Add default ports in firewall

ufw allow 80/tcp
ufw allow 443/tcp
ufw reload

Step 6: Download BookStack

Let’s place BookStack under /var/www:

cd /var/www
sudo git clone https://github.com/BookStackApp/BookStack.git --branch release --single-branch bookstack
cd bookstack

Step 7: Configure BookStack Environment

Copy the example environment file:

sudo cp .env.example .env

Edit it:

sudo nano .env

Update these values:

APP_URL=http://yourdomain.com
DB_DATABASE=bookstack_db
DB_USERNAME=bookstack_user
DB_PASSWORD=StrongPassword123!

Step 8: Set File Permissions

sudo chown -R www-data:www-data /var/www/bookstack

Step 9: Install PHP Dependencies and Setup Database

Run the following as the web user:

sudo -u www-data composer install --no-dev --prefer-dist
php artisan key:generate
php artisan migrate

Step 10: Enable HTTPS with Certbot

Secure our site with a free SSL certificate using Certbot.

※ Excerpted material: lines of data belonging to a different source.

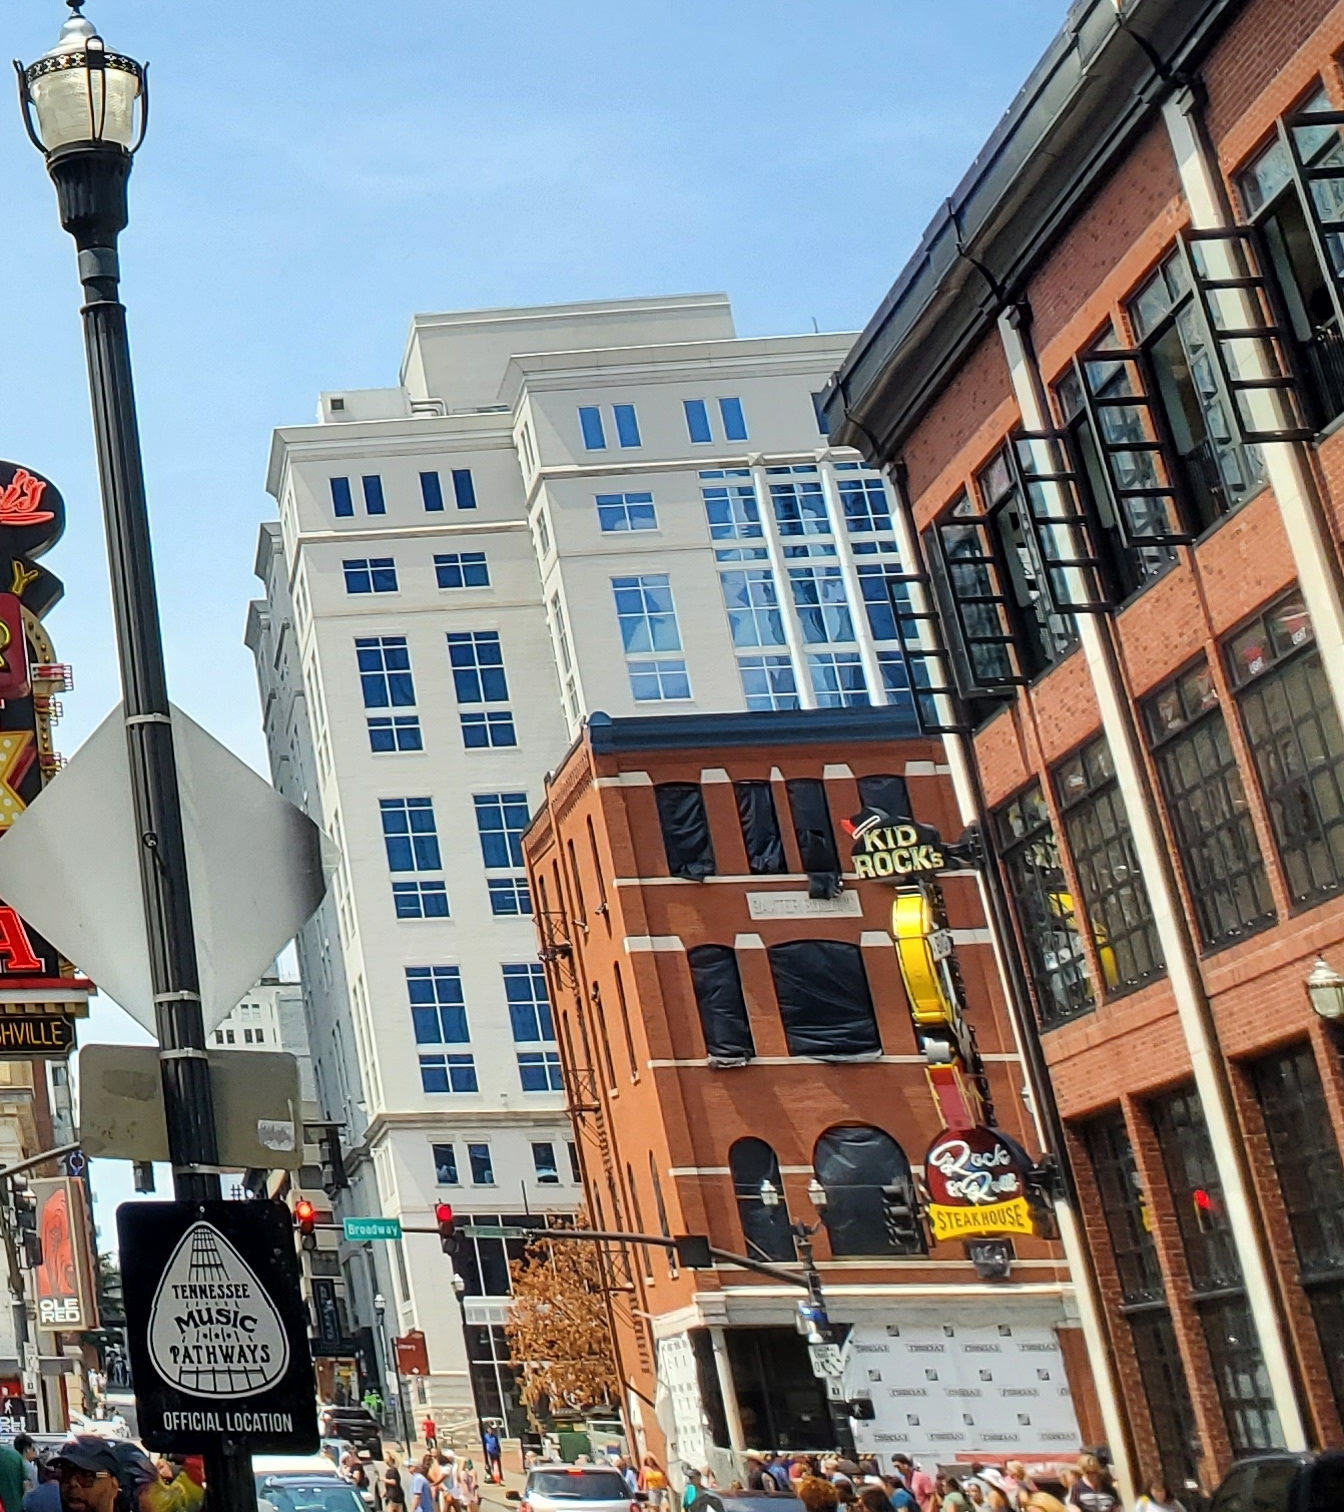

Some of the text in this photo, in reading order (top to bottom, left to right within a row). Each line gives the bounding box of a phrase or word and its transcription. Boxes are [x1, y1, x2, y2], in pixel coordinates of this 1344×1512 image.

[863, 825, 918, 852] KID
[929, 1140, 1011, 1176] Rock
[937, 1204, 1024, 1231] STEAKHOUSE
[348, 1224, 398, 1236] Broadway
[172, 1283, 250, 1299] TENNESSEE
[40, 1297, 79, 1311] OLE
[42, 1310, 80, 1323] RED
[174, 1307, 258, 1334] MUSIC
[169, 1344, 270, 1364] PATHWAYS
[163, 1411, 293, 1432] OFFICIAL LOCATION
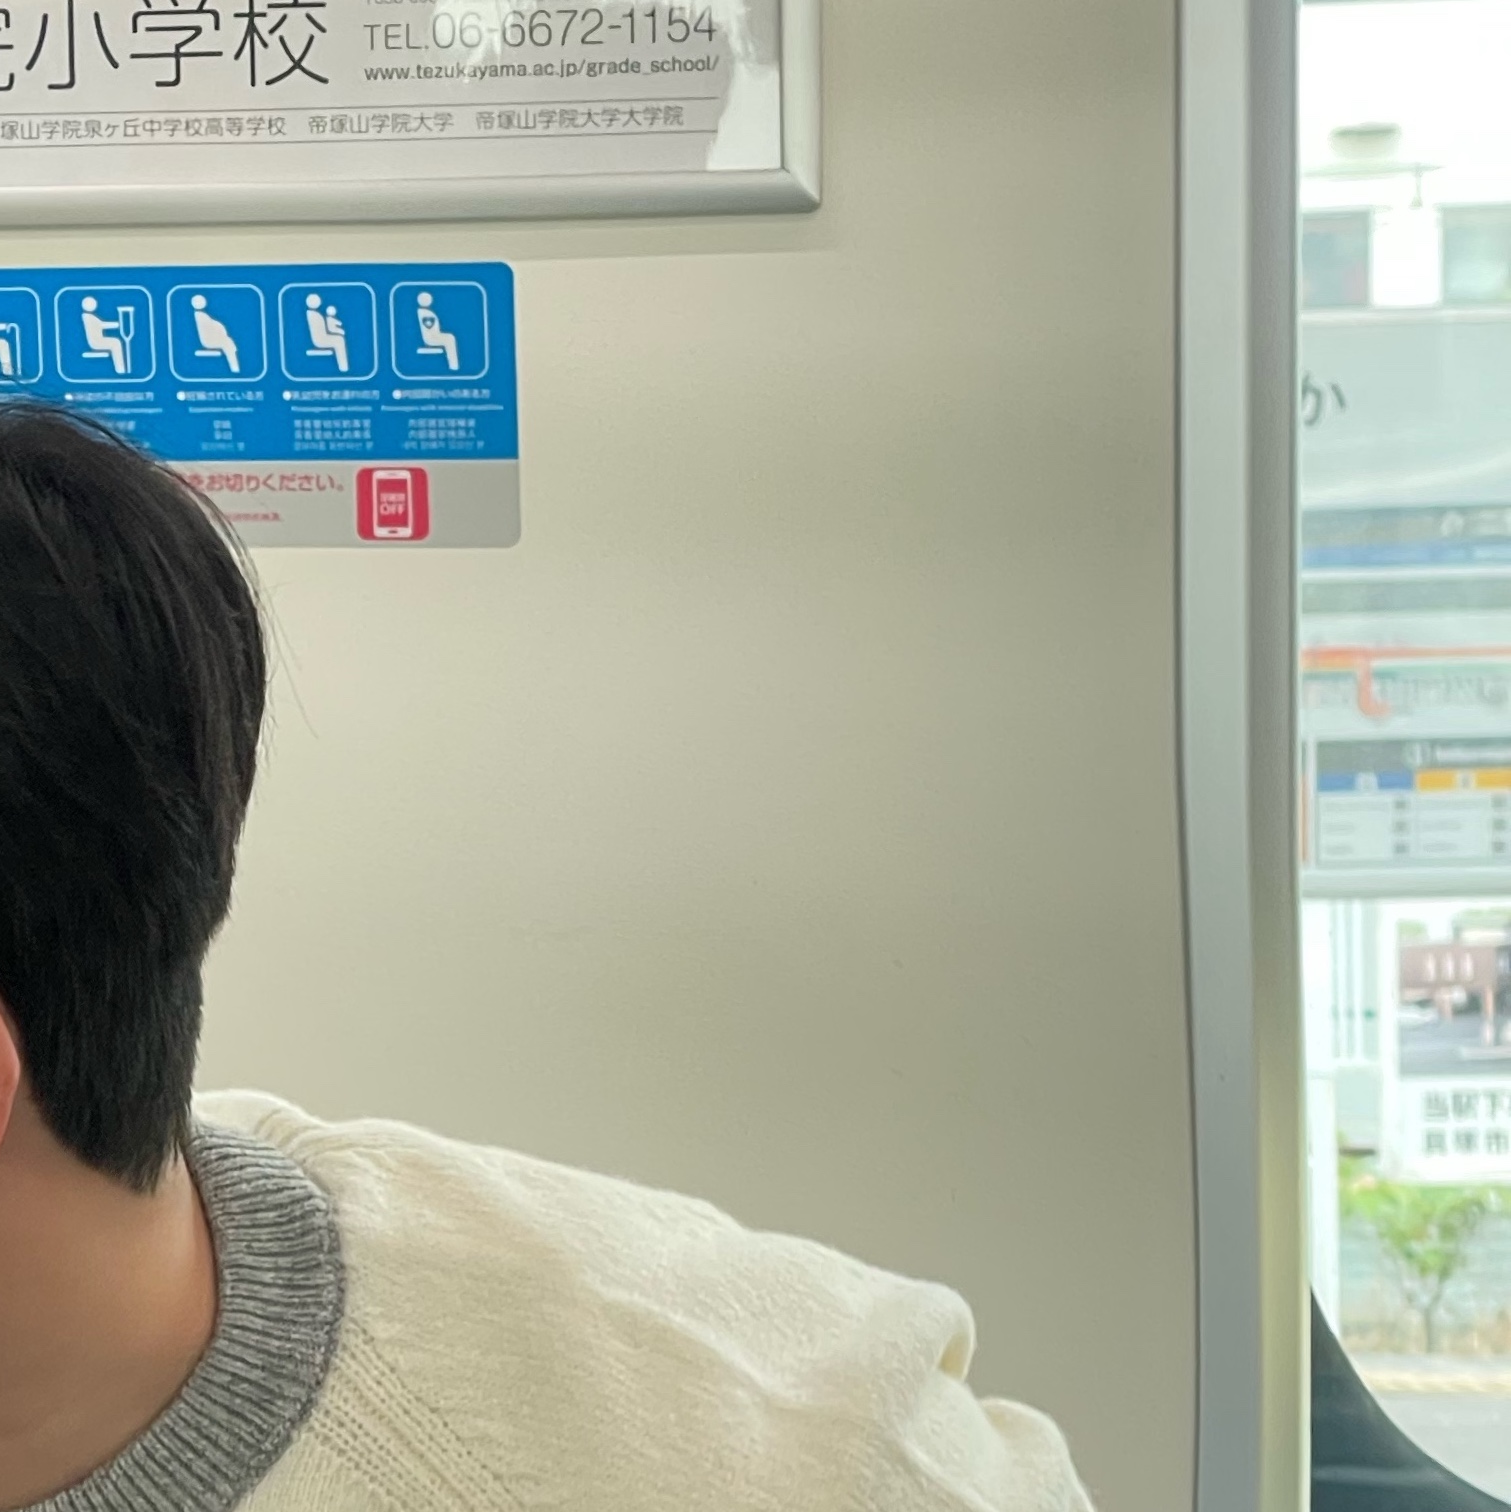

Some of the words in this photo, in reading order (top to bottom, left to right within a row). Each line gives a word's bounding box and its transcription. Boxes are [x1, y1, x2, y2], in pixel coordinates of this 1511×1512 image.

[363, 5, 719, 51] TEL.06-6672-1154
[364, 55, 720, 82] www.tezukayama.ac.jp/grade_school/
[307, 110, 455, 135] 帝塚山学院大学
[475, 104, 686, 132] 帝塚山学院大学大学院

Install Certbot and Nginx plugin:

sudo apt install -y certbot python3-certbot-nginx

Run the Certbot wizard:

sudo certbot --nginx -d yourdomain.com

Choose to redirect HTTP to HTTPS when prompted.

Step 11: Access BookStack

Visit https://yourdomain.com in a browser. The login page should appear.

Default credentials:

Email: admin@admin.com
Password: password

Change the admin password immediately after logging in.

Step 12: Automate Updates (Optional)

To keep our BookStack instance secure and updated:

cd /var/www/bookstack
sudo -u www-data git pull
sudo -u www-data composer install --no-dev --prefer-dist
php artisan migrate --force

Consider placing this in a cron job or review updates manually on each new release.

Final Thoughts

We’ve now successfully installed and configured BookStack on our Ubuntu 24.04 server. This setup gives us a fully private, self-hosted knowledge base platform that’s easy to maintain and scale. With features like role-based access, WYSIWYG editing, and category-based organization, BookStack can easily become the documentation backbone for our team or business.

Want to customize it further? BookStack supports LDAP, SAML, custom themes, and third-party integrations. We can also back it up regularly using tools like rsync or automated snapshots.

Let’s keep documenting and sharing knowledge—on our own terms.